南スーダンは2011年にスーダン共和国から独立した世界で一番若い国です。平和と繁栄への希望にもかかわらず、この国のその後の道のりは決して平坦ではなく、むしろ苦難の連続と言えます。国内の政治的対立と武力衝突によって多くの難民、国内避難民を生み出す混乱が続きました。本2020年2月にようやく統一暫定政府が成立し、国造りに向かおうとしています。
 
日本は南スーダンの独立当初から、この国の平和の定着と国造りに積極的に協力してきました。例えば、南スーダン統一軍、敵対行為禁止の監視、国民対話の推進に対する支援です。また、ナイル川にかかる橋や水道設備の改善などのインフラ整備、人材育成にも取り組んでいます。南スーダン政府と対話し、その意思を尊重しながら協力を実行する日本のやり方は、南スーダン政府からも南スーダン国民からも、歓迎され高く評価されています。
 
ところで、日本は何故南スーダンを支援するのでしょうか。
まず、日本は積極的平和主義の考え方に立ち、国際社会の平和と安定及び繁栄のために積極的に貢献しようとしています。長い内戦の後に建国された南スーダンの平和と発展の努力に対する支援は、この理念を具体化するものです。
国連南スーダンPKOミッション(UNMISS)に対する、司令部要員派遣(2012年1月から現在に至る)、自衛隊施設部隊派遣(2012年1月から2017年3月まで)や、先に述べたJICAによる橋建設、水道設備、人材育成はその具体例です。

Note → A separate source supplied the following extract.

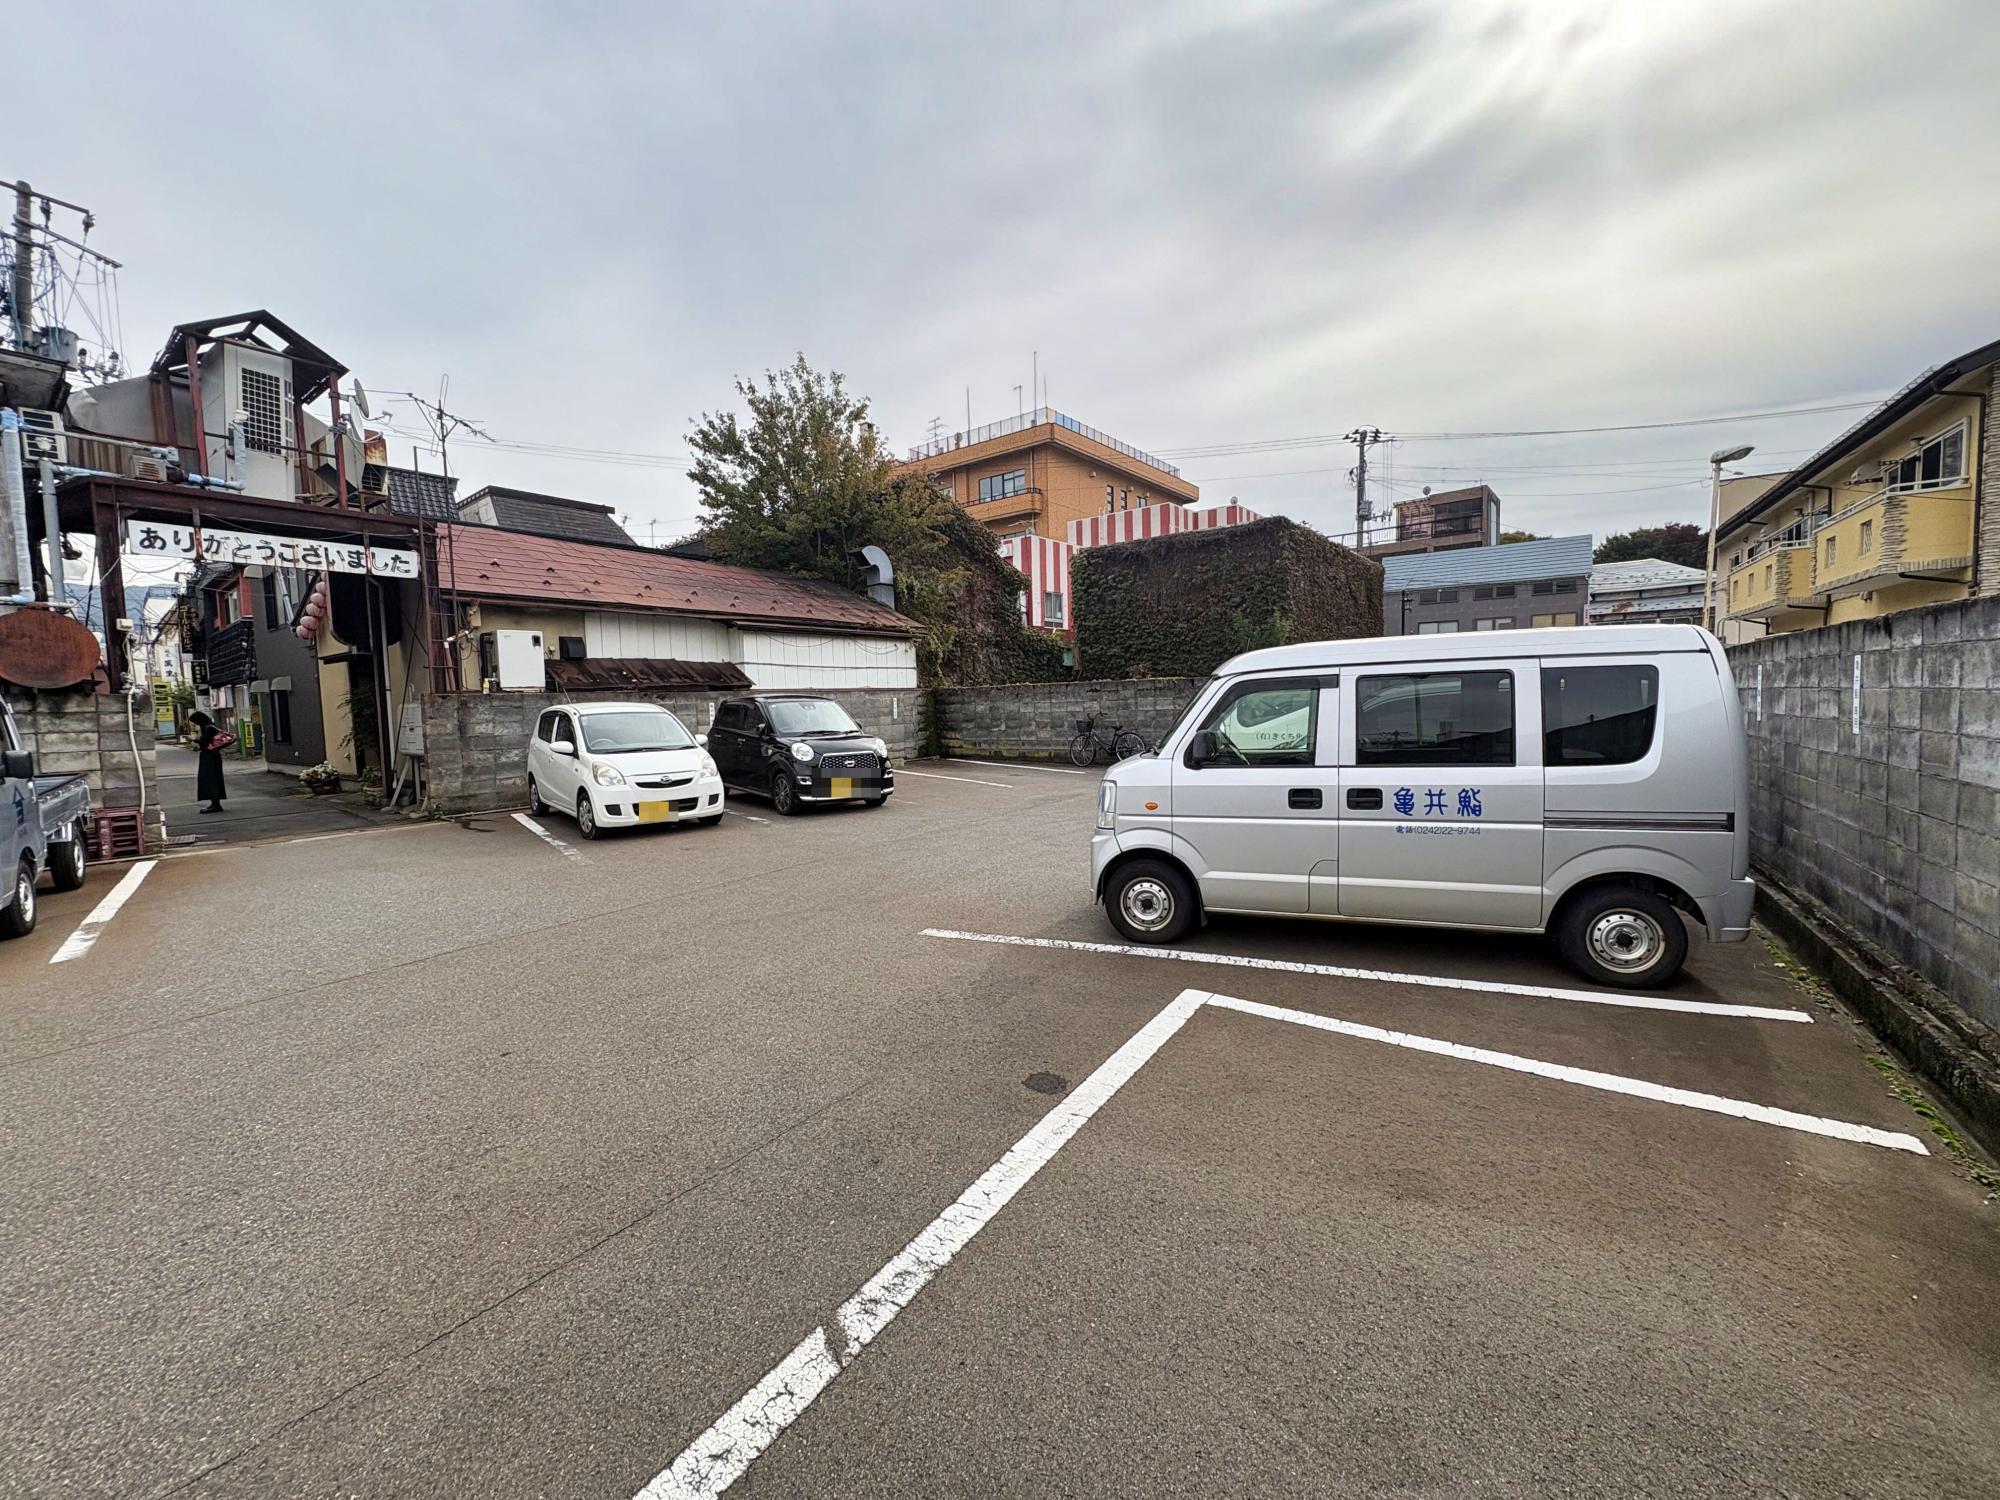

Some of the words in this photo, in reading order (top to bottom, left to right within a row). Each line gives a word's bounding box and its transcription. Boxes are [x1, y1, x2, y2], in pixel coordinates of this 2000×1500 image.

また、南スーダンは近隣諸国を含む東アフリカ地域全体の安定、発展にとっても重要です。2019年9月のアフリカ開発会議(TICAD VII)の際に開催された、「アフリカの角及び周辺地域の平和と安定特別会合」において、南スーダンの和平プロセスの進展が取り上げられ討議されています。
そして更に、今後南スーダン平和と安定を土台に、日本の協力を得つつ経済的社会的に発展すれば、きっと日本の方が安心して観光やビジネスに来られるようになると期待できます。すでに、当地の質の高い蜂蜜が日本に輸入されてという事例もあり、そのようなビジネスの芽が大きく花開くことを期待しています。
 
南スーダンを応援し支援しているのは政府に限りません。草の根の交流もアイディアと志のある人々によって始まっています。2019年11月から、前橋市は、東京2020年オリンピック・パラリンピックに出場予定の南スーダン陸上選手団を受け入れ、生活からトレーニングに至るまで、木目細やかに応援しています。そのような日本の優しいおもてなしが、南スーダンでも知られ、日本に対する好感度が高まっているようです。逆に、南スーダン選手団の存在が、日本における南スーダンに対する関心を呼び起こしていると感じます。このような両国の交流がますます深まっていくことを大いに期待しています。
 
私としても、南スーダンの平和、安定、発展に向けて協力すること、そしてそれにより、日・南スーダンの二国間関係を更に良くするために尽力したいと思います。また、人数は少ないながら南スーダンで活躍する、邦人の皆様の安全と健康を守るために、全力で取り組みたいと思います。
 
どうぞよろしくお願いいたします。